All of the data goes into your copy exactly as written. Images do not.

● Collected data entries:
▽

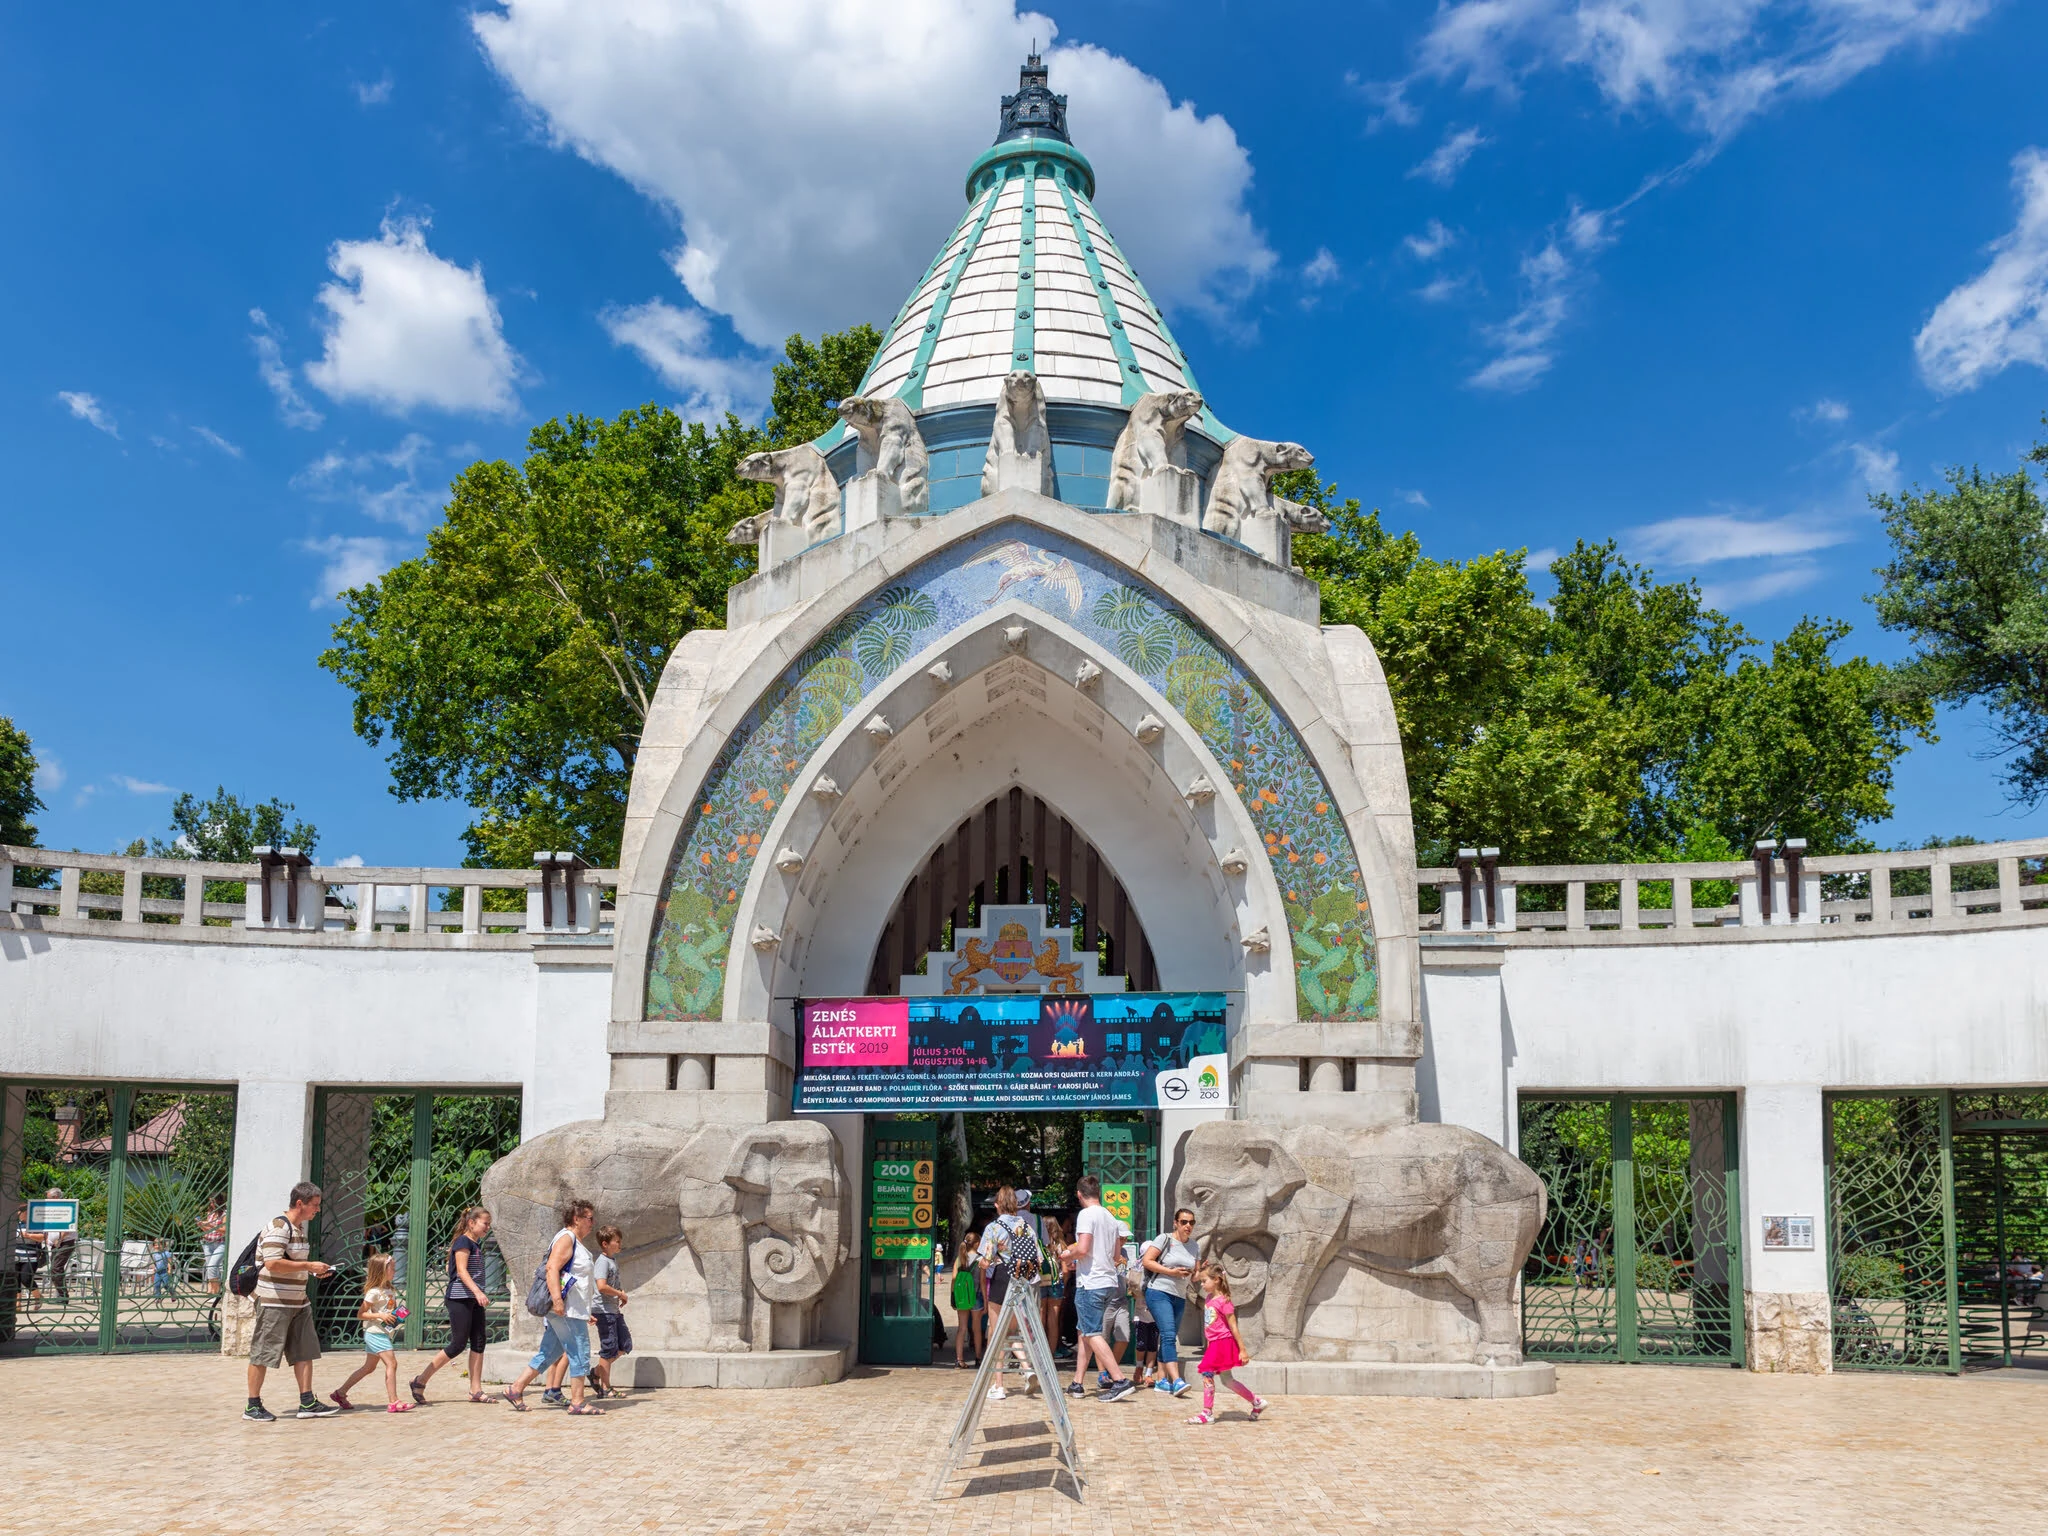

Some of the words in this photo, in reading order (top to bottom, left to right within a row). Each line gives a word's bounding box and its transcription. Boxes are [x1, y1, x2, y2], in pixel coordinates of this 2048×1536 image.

[812, 1009, 857, 1022] ZENÉS
[812, 1024, 897, 1038] ÁLLATKERTI
[812, 1040, 856, 1055] ESTÉK
[859, 1042, 889, 1054] 2019
[913, 1046, 941, 1057] JÚLIUS
[944, 1046, 968, 1056] 3-TÓL
[912, 1057, 964, 1066] AUGUSZTUS
[966, 1057, 988, 1065] 14-IG
[803, 1073, 831, 1081] MIKLÓSA
[857, 1073, 905, 1081] FEKETE-KOVÁCS
[906, 1072, 930, 1080] KORNÉL
[1061, 1071, 1089, 1079] QUARTET
[1010, 1083, 1029, 1091] GÁJER
[1029, 1082, 1052, 1090] BÁLINT
[1082, 1081, 1099, 1090] JÚLIA
[803, 1096, 825, 1104] BÉNYEI
[1051, 1093, 1090, 1101] KARÁCSONY
[1090, 1093, 1111, 1101] JÁNOS
[1111, 1093, 1132, 1101] JAMES
[1199, 1091, 1220, 1100] ZOO
[881, 1164, 910, 1176] ZOO

△

● Reply:
Some of the words in this photo, in reading order (top to bottom, left to right within a row). Each line gives a word's bounding box and its transcription. Boxes are [x1, y1, x2, y2], in pixel coordinates of this 2048×1536 image.

[812, 1009, 857, 1022] ZENÉS
[812, 1024, 897, 1038] ÁLLATKERTI
[812, 1040, 856, 1055] ESTÉK
[859, 1042, 889, 1054] 2019
[913, 1046, 941, 1057] JÚLIUS
[944, 1046, 968, 1056] 3-TÓL
[912, 1057, 964, 1066] AUGUSZTUS
[966, 1057, 988, 1065] 14-IG
[803, 1073, 831, 1081] MIKLÓSA
[857, 1073, 905, 1081] FEKETE-KOVÁCS
[906, 1072, 930, 1080] KORNÉL
[1061, 1071, 1089, 1079] QUARTET
[1010, 1083, 1029, 1091] GÁJER
[1029, 1082, 1052, 1090] BÁLINT
[1082, 1081, 1099, 1090] JÚLIA
[803, 1096, 825, 1104] BÉNYEI
[1051, 1093, 1090, 1101] KARÁCSONY
[1090, 1093, 1111, 1101] JÁNOS
[1111, 1093, 1132, 1101] JAMES
[1199, 1091, 1220, 1100] ZOO
[881, 1164, 910, 1176] ZOO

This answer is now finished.